7.4.06

Reason #485,000 why most men should not talk about issues of gender

This is a story of men behaving badly in groups.

Excuses, excuses, excuses. In column on espn.com's Page 2, Jason Whitlock says that the Duke lacross rape incident ( Here if you have no idea what I'm talking about.) shouldn't be viewed through a racial filter, rather one of gender. If he would have just stopped there, we might have been okay. After all, rape is a male-on-female crime in a far larger proportion that it is a one-color-on-another-color crime.

However, Jason is a professional columnist and has somewhere around 1,000 words to back this statement up. Which he does, beautifully, with the classic argument that "boys will be boys" and that's why this is a crime of gender-not because men in society are raised to have little respect for women in general, and no respect for women who may happen to strip for a living, but because they just can't help themselves.

Some highlights:

Men behaving badly in groups -- especially under the influence of alcohol -- cuts across all social, economic and racial demographics.

I always have contended, somewhat jokingly, that there should be rules outlawing men from gathering in groups of three or more without a woman as chaperone or serious surveillance equipment. Whitlock's law: A man's intelligence, maturity and decision-making skills decrease as the number of men within earshot of his voice increases.
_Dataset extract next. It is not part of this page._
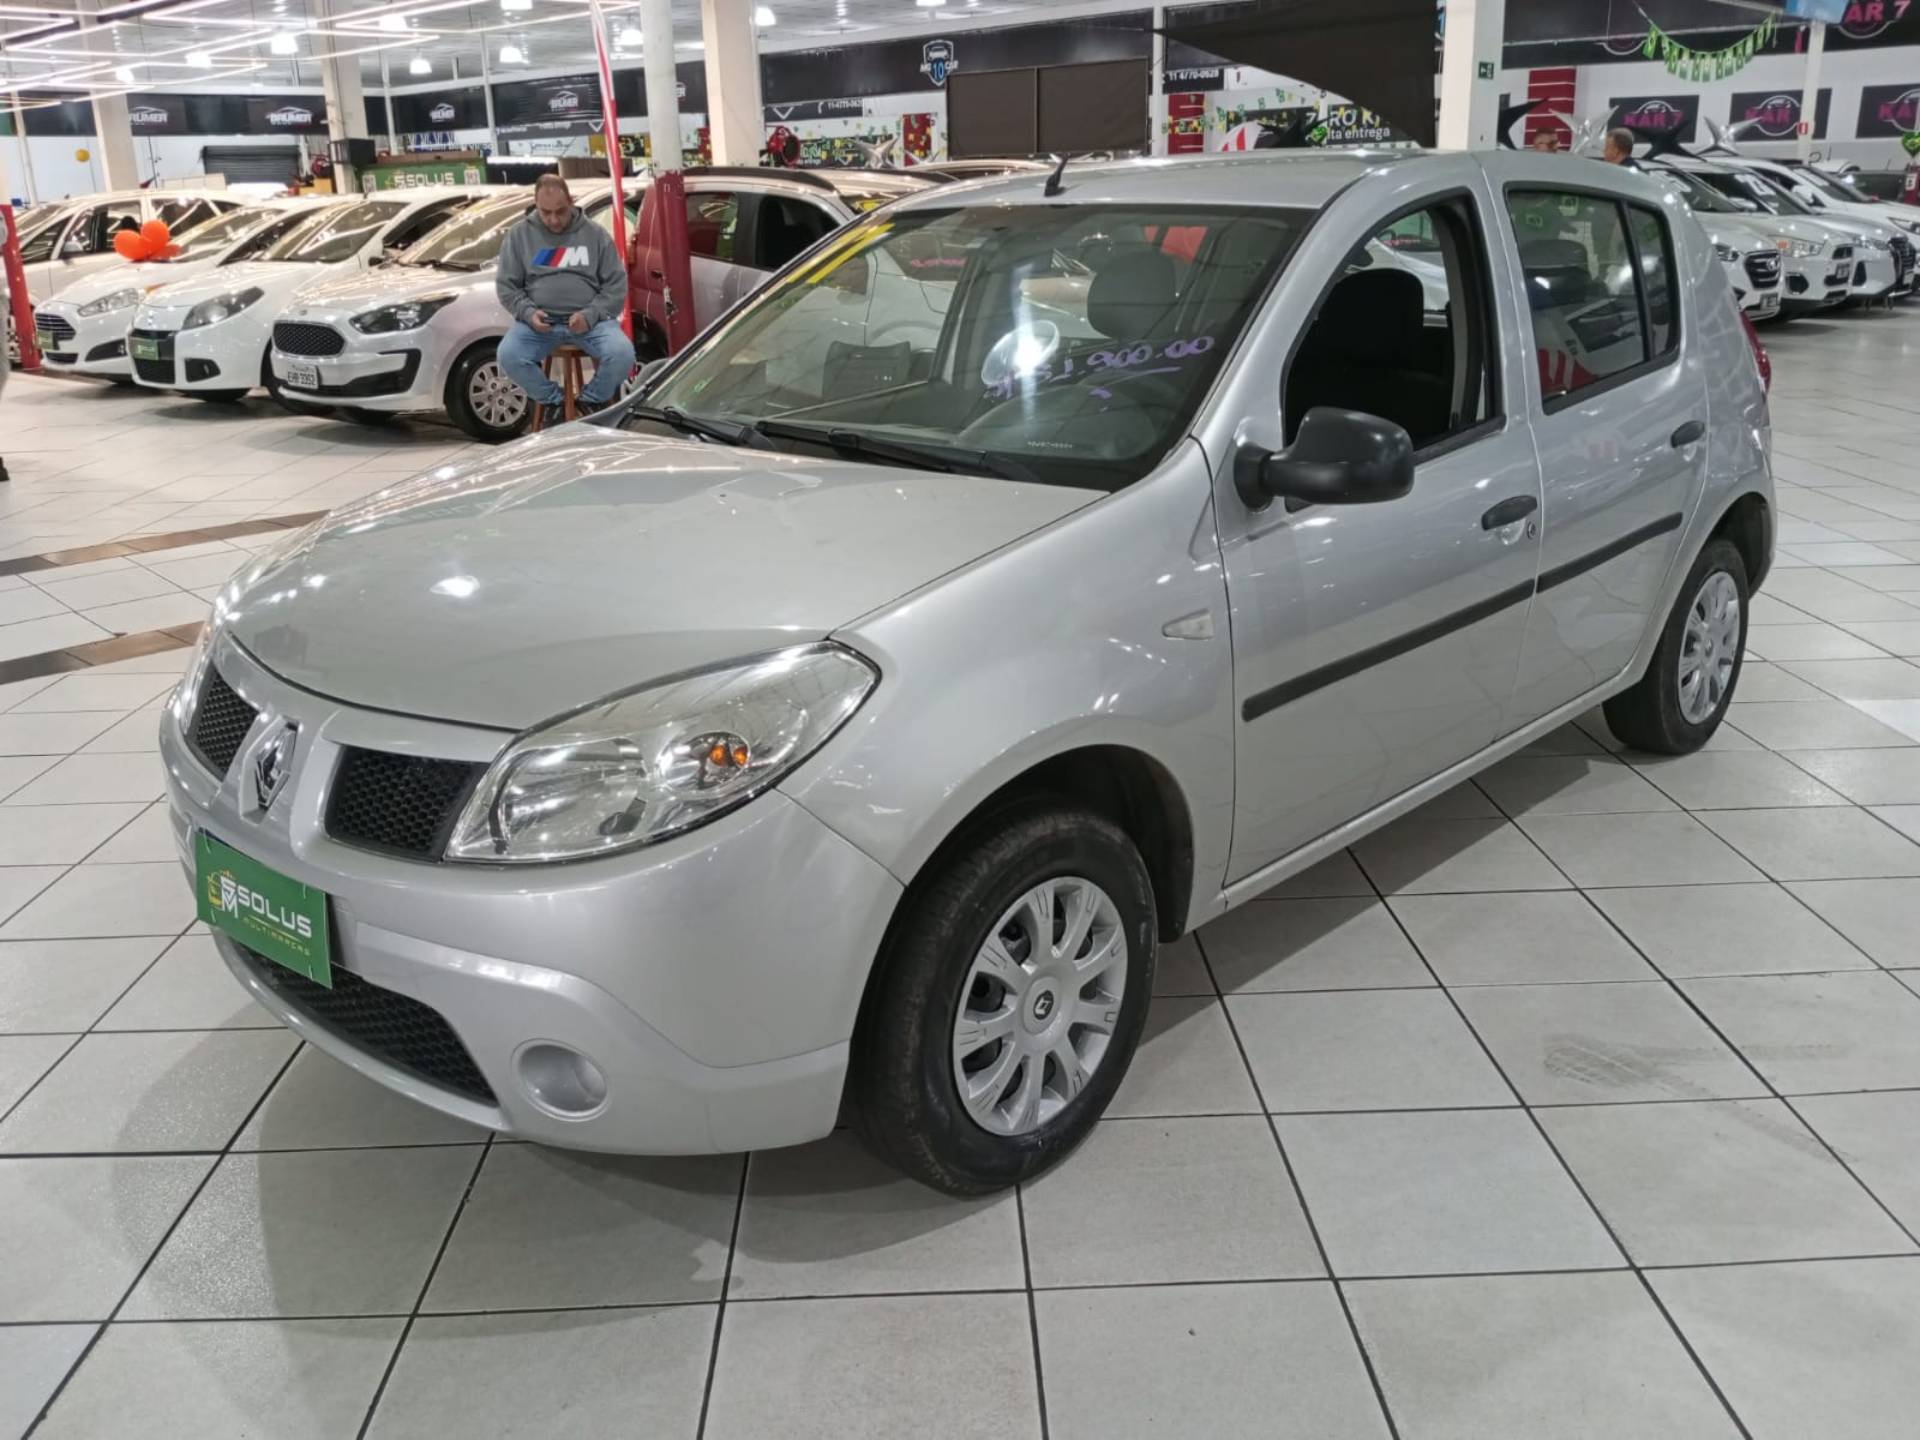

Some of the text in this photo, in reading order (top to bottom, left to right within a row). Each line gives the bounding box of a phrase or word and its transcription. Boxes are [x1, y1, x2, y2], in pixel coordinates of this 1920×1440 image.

[1842, 2, 1884, 22] AR
[1345, 126, 1391, 141] entrega
[406, 172, 455, 187] SOLUS
[237, 884, 312, 938] SOLUS
Whitlock's law is a product of a youth spent sucking on beer bongs and zig zags, hosting and attending bachelor parties, growing up on the barstools inside my father's tavern and planning debauchery and lewd behavior with teammates and friends of all races.

I can honestly say that I don't have a male friend who could avoid saying, "There go I but for the grace of God" when thinking about the Duke lacrosse players.
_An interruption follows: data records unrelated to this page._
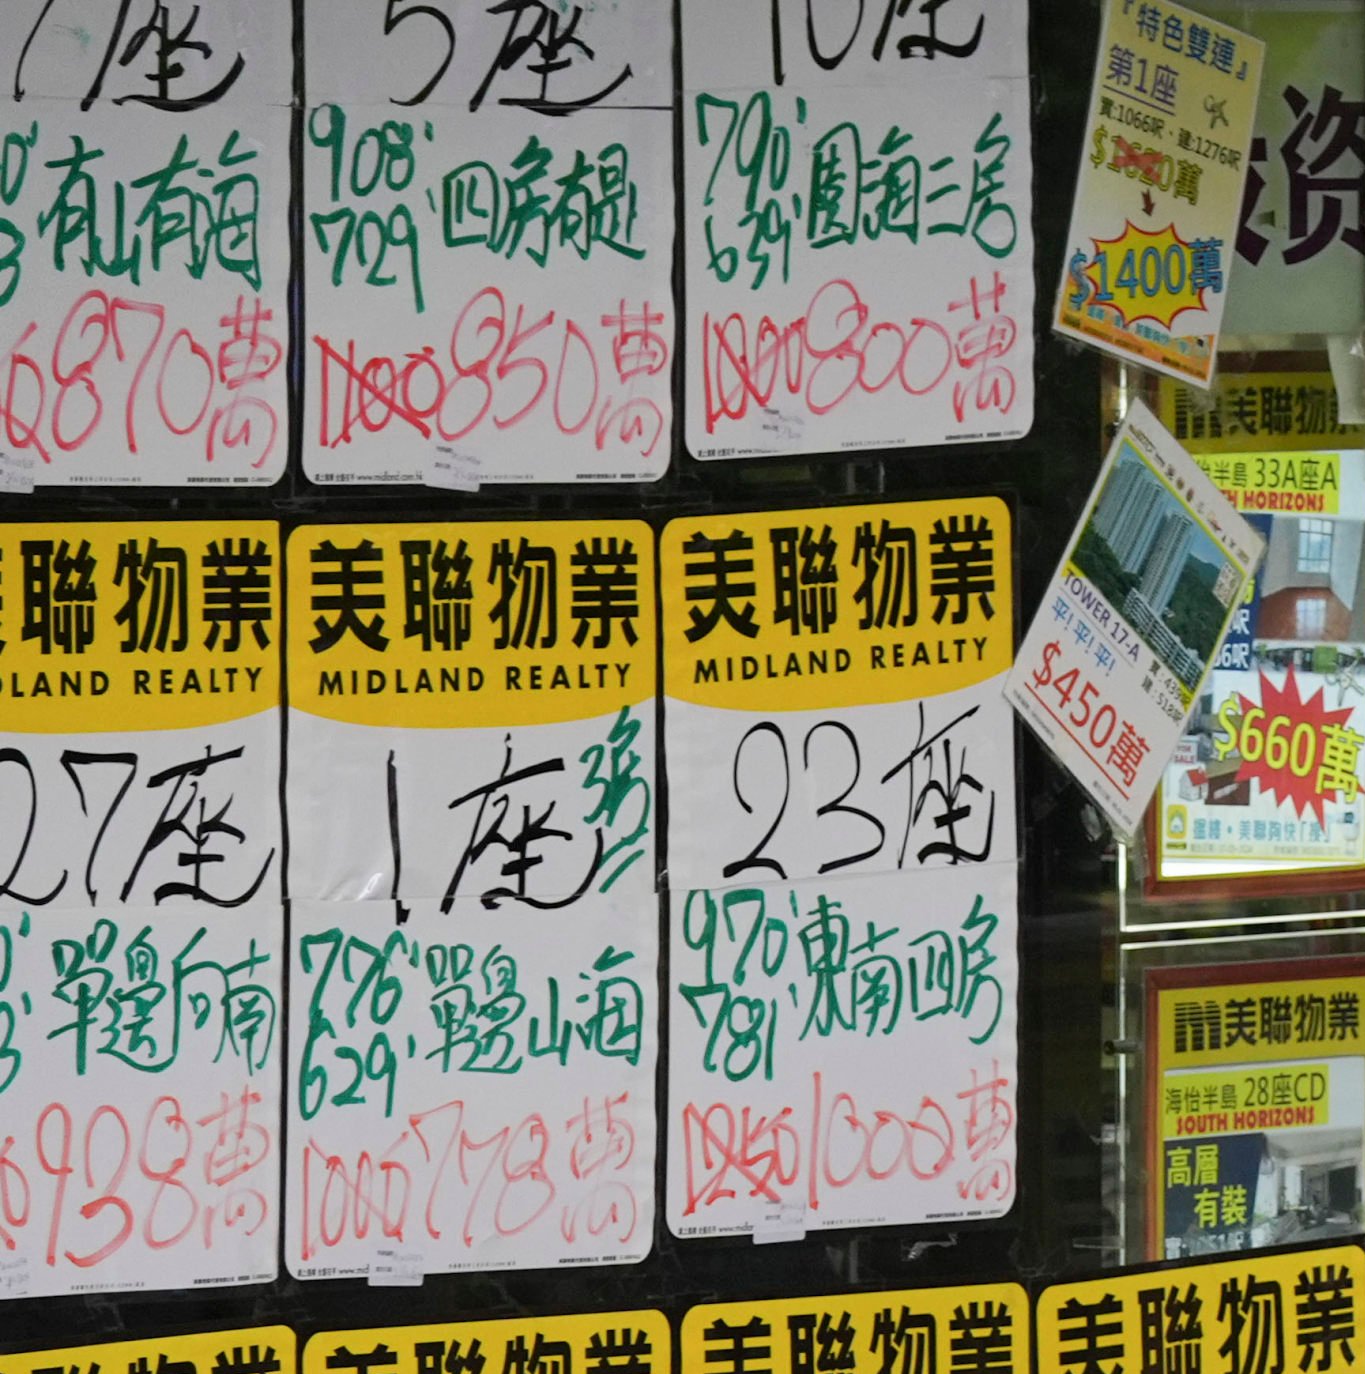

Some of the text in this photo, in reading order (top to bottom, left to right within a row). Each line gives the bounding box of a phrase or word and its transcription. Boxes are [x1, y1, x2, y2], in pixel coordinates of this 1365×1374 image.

[38, 130, 262, 292] 有山有海
[1069, 236, 1224, 310] $1400萬
[50, 290, 282, 468] 870萬
[436, 286, 668, 456] 850萬
[804, 272, 1018, 424] 800萬
[1243, 490, 1326, 512] HORIZONS
[1254, 456, 1338, 490] 33A座A
[0, 535, 273, 656] 聯物業
[308, 537, 640, 654] 美聯物業
[682, 520, 996, 644] 美聯物業
[1064, 568, 1112, 628] TOWER
[133, 667, 264, 695] REALTY
[318, 662, 632, 695] MIDLAND REALTY
[694, 637, 989, 684] MIDLAND REALTY
[1032, 638, 1152, 789] $450萬
[1213, 690, 1365, 803] $660萬
[722, 702, 996, 881] 23座
[1224, 992, 1360, 1048] 美聯物業
[1176, 1106, 1315, 1136] SOUTH HORIZONS
[1244, 1072, 1326, 1109] 28座CD
[1167, 1144, 1220, 1188] 高層
Disgusting, utter bullshit and excuses, excuses, excuses. You can't treat a woman like a human being because of some societal constructs associated with being male? You can't understand the word "no" because you're around your buddies?

Whitlock isn't all bad here-he does suggest an education program, but what he suggests "...what constitutes sexual harassment, sexual assault, the dangers of alcoholism and drugs, unwanted and unwed pregnancy, how to respectfully socialize with people outside your race, etc." isn't anything the average college freshman hasn't heard a million times before. The problem here lies much, much deeper, mostly with Whitlocks male community excuse and his contention that strippers deserve no respect, just because they happen to take their clothes off for a living. His contention that alcohol and "planning lewd behavior" from an early age in a whacked out form of "male-bonding" is an excuse for the way these snotty Duke brats treated that woman is incredibly misguided.

Bottom line: Teach men how to view a woman as a human being, not as something they can degrade, ridicule and control and then maybe we'll talk. Jason and I agree on one point however-boys aren't raised to become men, they're raised to become idiots and sexists and that's probably where the problem lies.

(Note-I know this does not apply to all men. I know several who are respectful and gracious and lovely. Please hold off on thinking me a crazy man-hater, because I'm not.)

1 comment:

Anonymous said...

I agree completely. If people haven't learned to respect other human beings by the time they're college-aged, they never will.